From its pulpy title to its stylised neon lighting, and from its hard-boiled dialogue to its many scenes of contemplative smoking, Gasoline Alley is a noir (of the neo– variety), and more specifically it feels like a spiritual successor to the Nineties run of Elmore Leonard adaptations like Barry Sonnenfeld’s Get Shorty (1995), Quentin Tarantino’s Jackie Brown (1997) and Steven Soderbergh’s Out Of Sight (1998). Once again we have a capable, cool character speaking in laconic lines, operating on the borderline of legality, and easily passing through different demi-mondes and undergrounds on the margins of LA (or of Tifton, Georgia, doubling as the Californian metropolis in yet another stylisation). This is a twilit world in the City of Dreams, full of aspiring starlets, auditioning musicians, wannabe writers and deadbeat directors all brought back down to (and below) earth by the sheer weight of their frustrated ambitions and devoured into their city’s seedy underbelly.

Like David Robert Mitchell’s Under The Silver Lake (2018), Gasoline Alley depicts a misogynistic Los Angeles which consumes and callously discards the female hopefuls who come to it looking for success in the entertainment industry.
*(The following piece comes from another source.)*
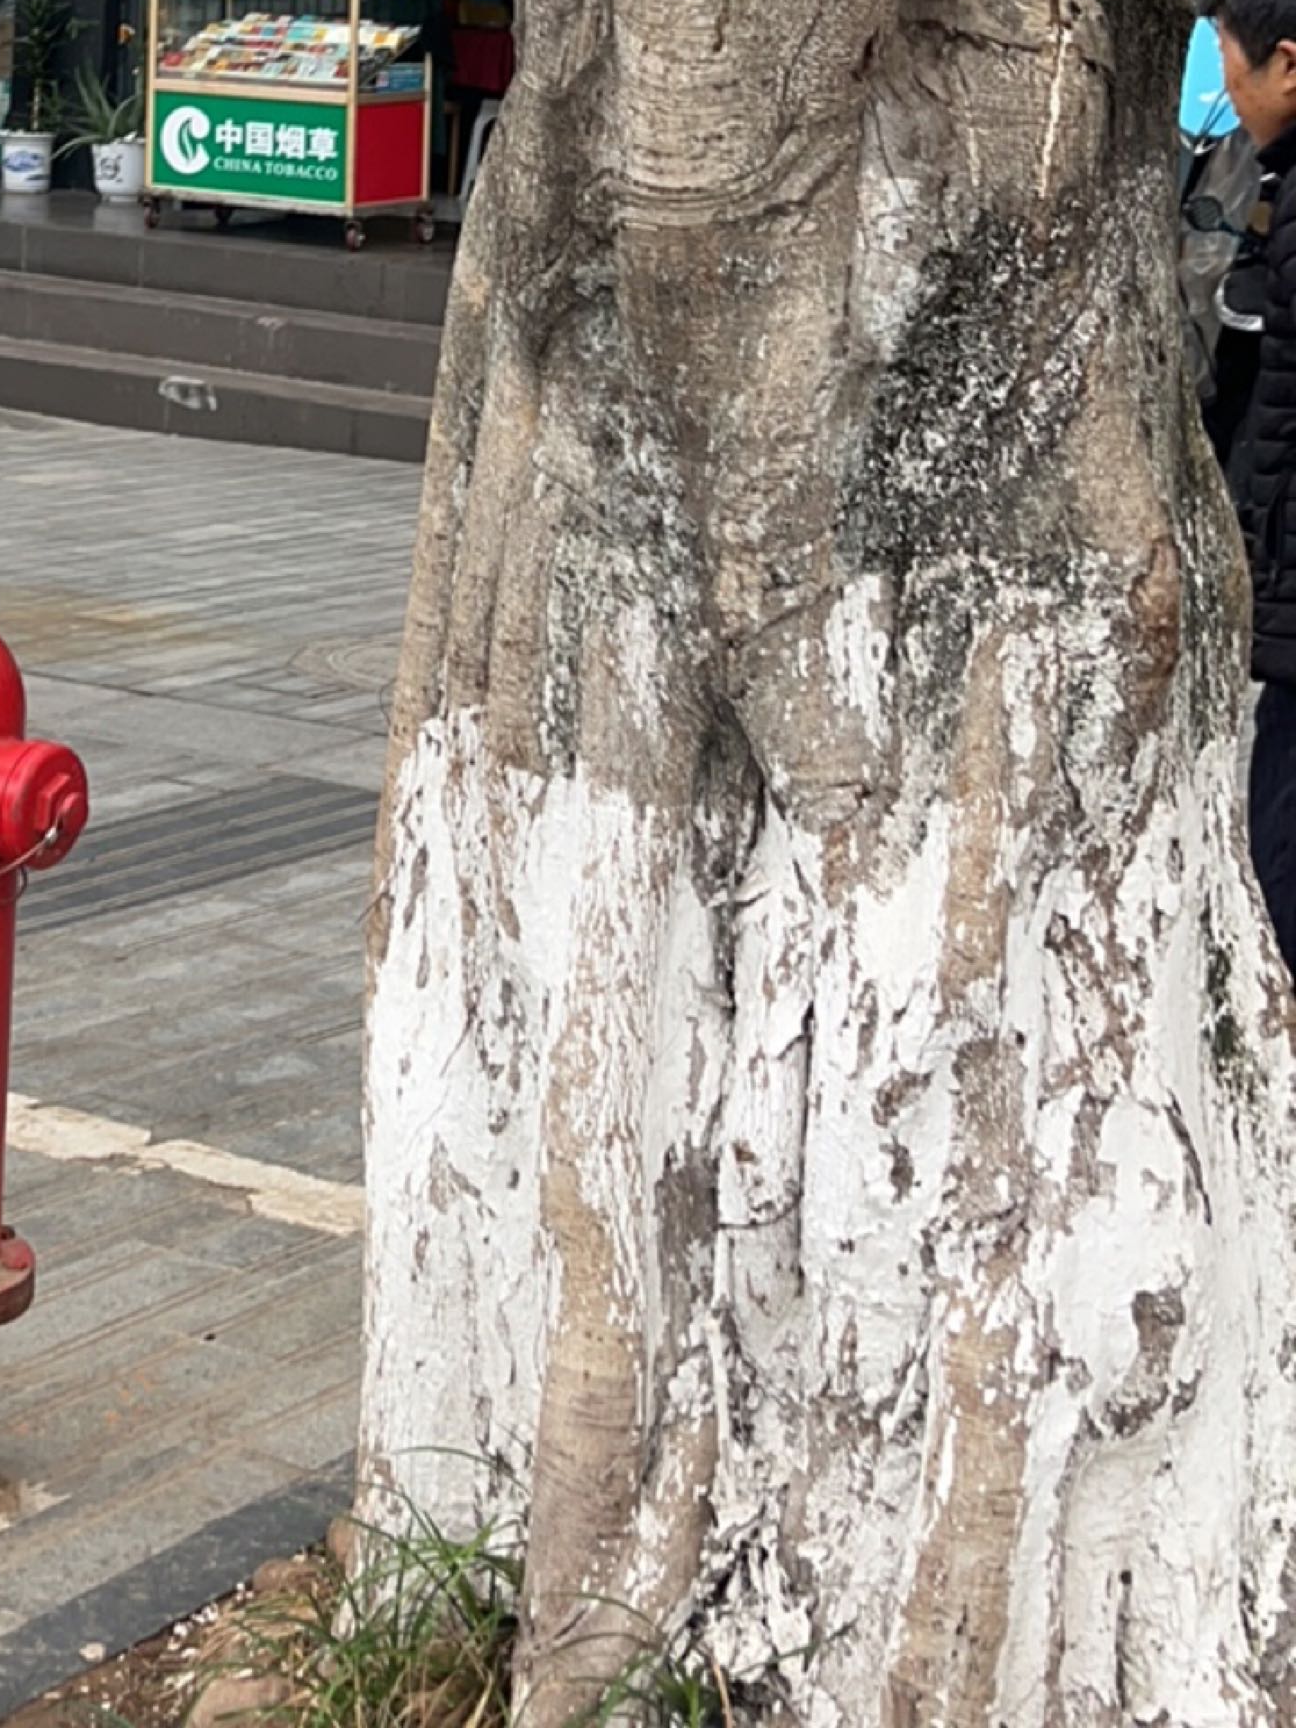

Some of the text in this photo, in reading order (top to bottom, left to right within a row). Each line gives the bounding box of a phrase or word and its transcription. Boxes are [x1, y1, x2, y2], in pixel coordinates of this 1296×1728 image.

[215, 118, 339, 162] 中国烟草
[214, 156, 340, 182] CHINA TOBACCO
Here, to misquote Wilde, everyone is in the gutter, but some, like Jimmy, are looking at Star – and where other men in the film seem content to exploit, instrumentalise and objectify women for their own pleasure and profit, Jimmy sees women like Star and the singer Eleanor Rogers (Sufe Bradshaw) for who they are and what potential they have – and in his quest for mummy as much as daddy, he becomes a friend and ally to the opposite sex even as he takes out the male trash. 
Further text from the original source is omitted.